Medicare Initial Treatment Date

When completing claims for most insurances, item 14 is for the date of onset – the date that the patient’s problem began and this date should be qualified with the qualifier 431 – Onset of Current Symptoms or Illness (The only other valid qualifier for item 14 is 484 – Last Menstrual Period)

And item 15 is used for ‘other date’. In this example, the date is qualified with 454 –  Initial Treatment

Example of non-Medicare insurance claim Eg: The patient was involved in an automobile accident on 08-17-18 but didn’t see the doctor until 08-22-18

However, for Chiropractic services reported to Medicare it is required to indicate the date of the initial treatment, or the date that the provider first saw the patient, made a diagnosis, and initiated the treatment plan for chiropractic care, in Item 14 on the CMS-1500 form.

Even though the current claim form includes a space for a qualifier, Medicare does not use this information; do not enter a qualifier in item 14 This can lead to claim rejections.

Also, item 15 should be left blank,

Example of a Chiropractic Medicare claim with the ‘initial treatment’ date in item 14 without qualifier and item 15 left blank


Instructions for the FormSmith Software Program

To turn on proper processing of block 14 and 15, edit the insurance company and click on the Form Completion tab then click the check box for “use initial treatment date in block 14 and 15 blank.”
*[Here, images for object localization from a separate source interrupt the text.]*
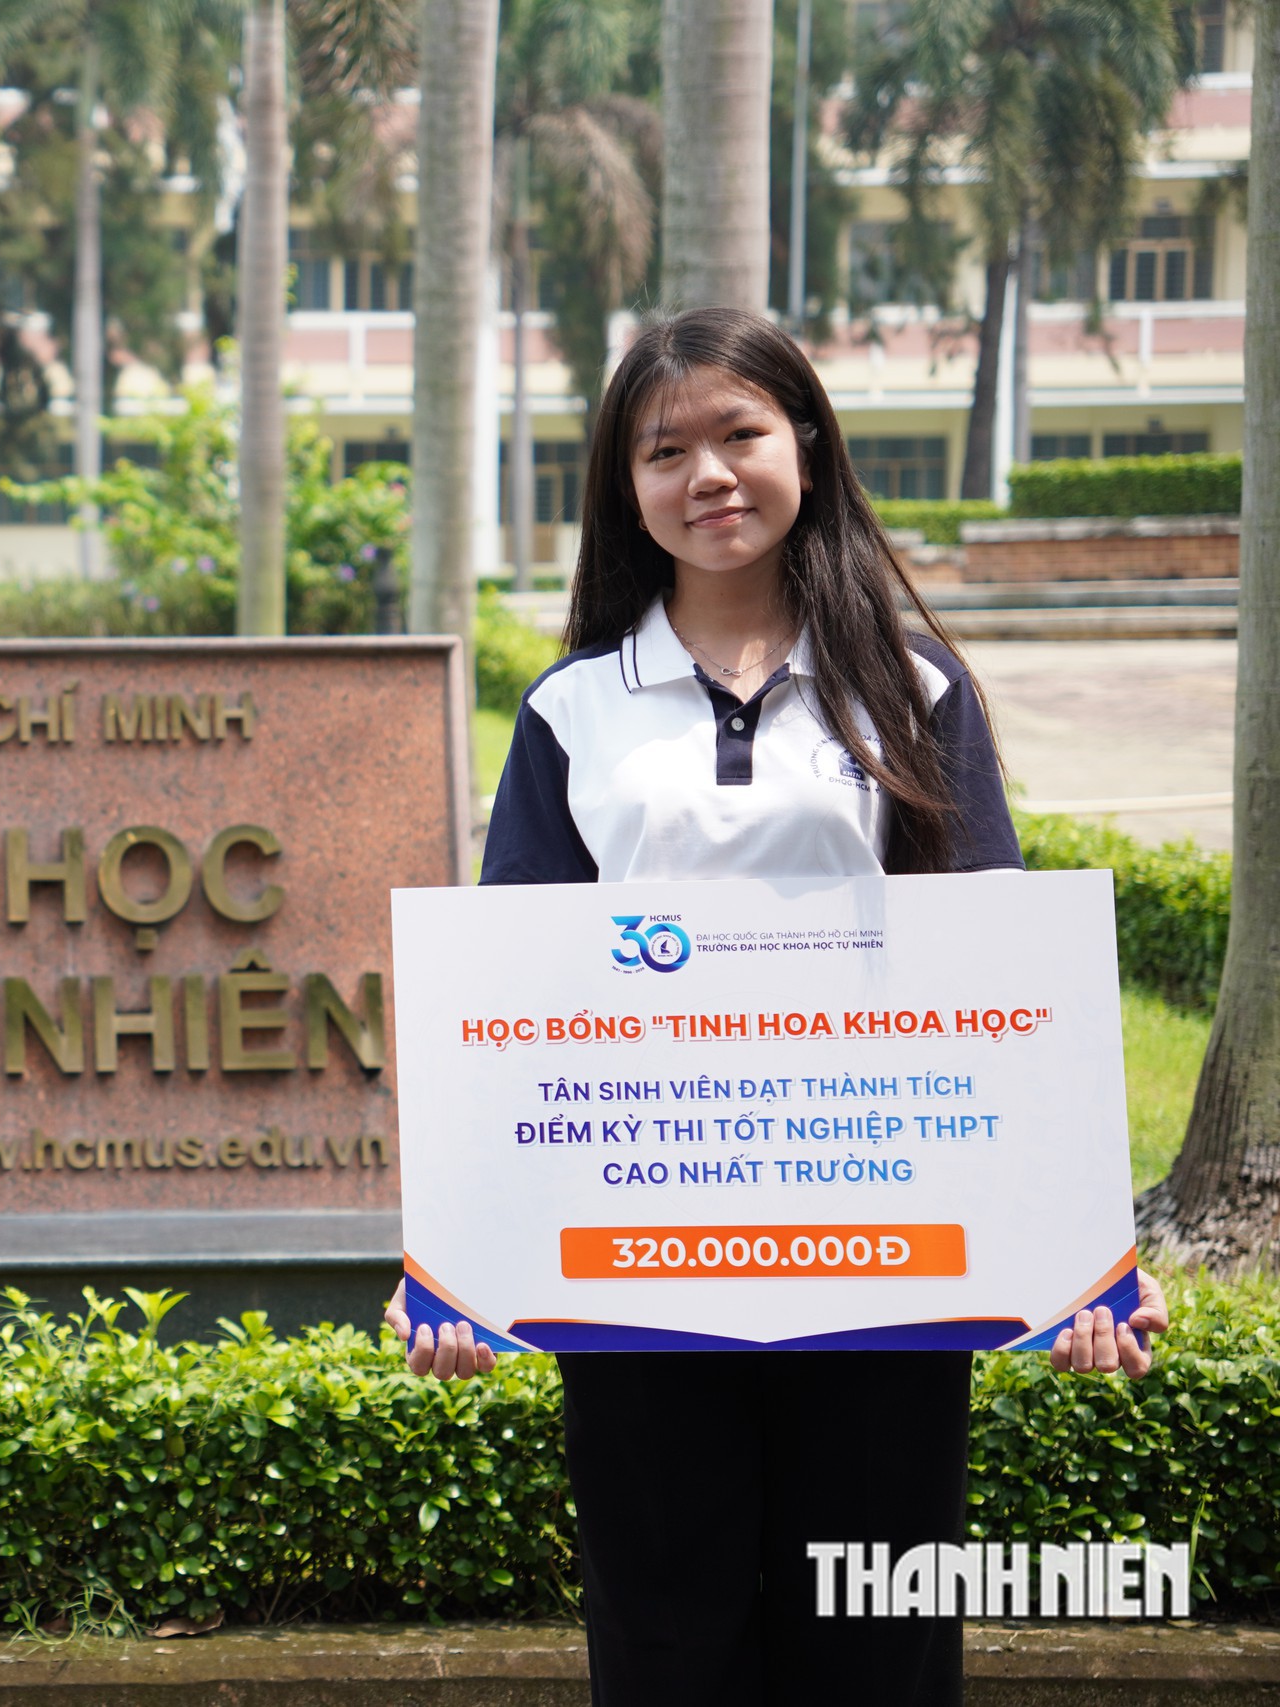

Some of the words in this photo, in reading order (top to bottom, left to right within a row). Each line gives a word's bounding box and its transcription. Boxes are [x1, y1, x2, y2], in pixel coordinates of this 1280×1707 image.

[104, 693, 255, 742] MINH
[5, 824, 284, 951] HỌC
[649, 914, 682, 922] HCMUS
[739, 943, 757, 953] ĐẠI
[760, 942, 780, 953] HỌC
[783, 942, 811, 950] KHOA
[813, 941, 834, 952] HỌC
[852, 938, 883, 949] NHIÊN
[759, 932, 775, 940] GIA
[860, 930, 883, 938] MINH
[3, 948, 386, 1075] NHIÊN
[462, 1018, 536, 1049] HỌC
[546, 1009, 642, 1041] BỔNG
[652, 1014, 748, 1039] "TINH
[758, 1012, 834, 1036] HOA
[844, 1010, 945, 1035] KHOA
[955, 1008, 1049, 1040] HỌC"
[538, 1077, 590, 1102] TÂN
[599, 1081, 661, 1100] SINH
[670, 1074, 731, 1100] VIÊN
[738, 1079, 792, 1103] ĐẠT
[801, 1072, 898, 1098] THÀNH
[907, 1070, 973, 1096] TÍCH
[515, 1113, 592, 1144] ĐIỂM
[602, 1114, 643, 1143] KỲ
[653, 1119, 704, 1142] THI
[713, 1111, 775, 1141] TỐT
[786, 1110, 904, 1145] NGHIỆP
[914, 1115, 1000, 1139] THPT
[602, 1162, 669, 1185] CAO
[679, 1153, 764, 1184] NHẤT
[774, 1152, 913, 1183] TRƯỜNG
[612, 1235, 911, 1268] 320.000.000Đ
Currently, CMS-1500 paper claims that include a qualifier in item 14 are being rejected/denied with the following rejection codes:

CO-16 – Claim/service lacks information which is needed for adjudication. At least one Remark Code must be provided (may be comprised of either the Remittance Advice Remark Code or NCPDP Reject Reason Code.)

MA130 – Your claim contains incomplete and/or invalid information, and no appeal rights are afforded because the claim is unprocessable. Please submit a new claim with the complete/correct information.

Medicare claims that are rejected as unprocessable do not meet the requirement to file the claim for the patient.

Electronic claims are not affected! The date of initial treatment is still reported in Loop 2300 | DTP.03 (454).

Just as a reminder, dates other than the date of birth (which must be in 8-digit format), can be in either 6-digit: (MM | DD | YY) or 8-digit: (MM | DD | CCYY) format. Intermixing the two formats on the claim is not allowed.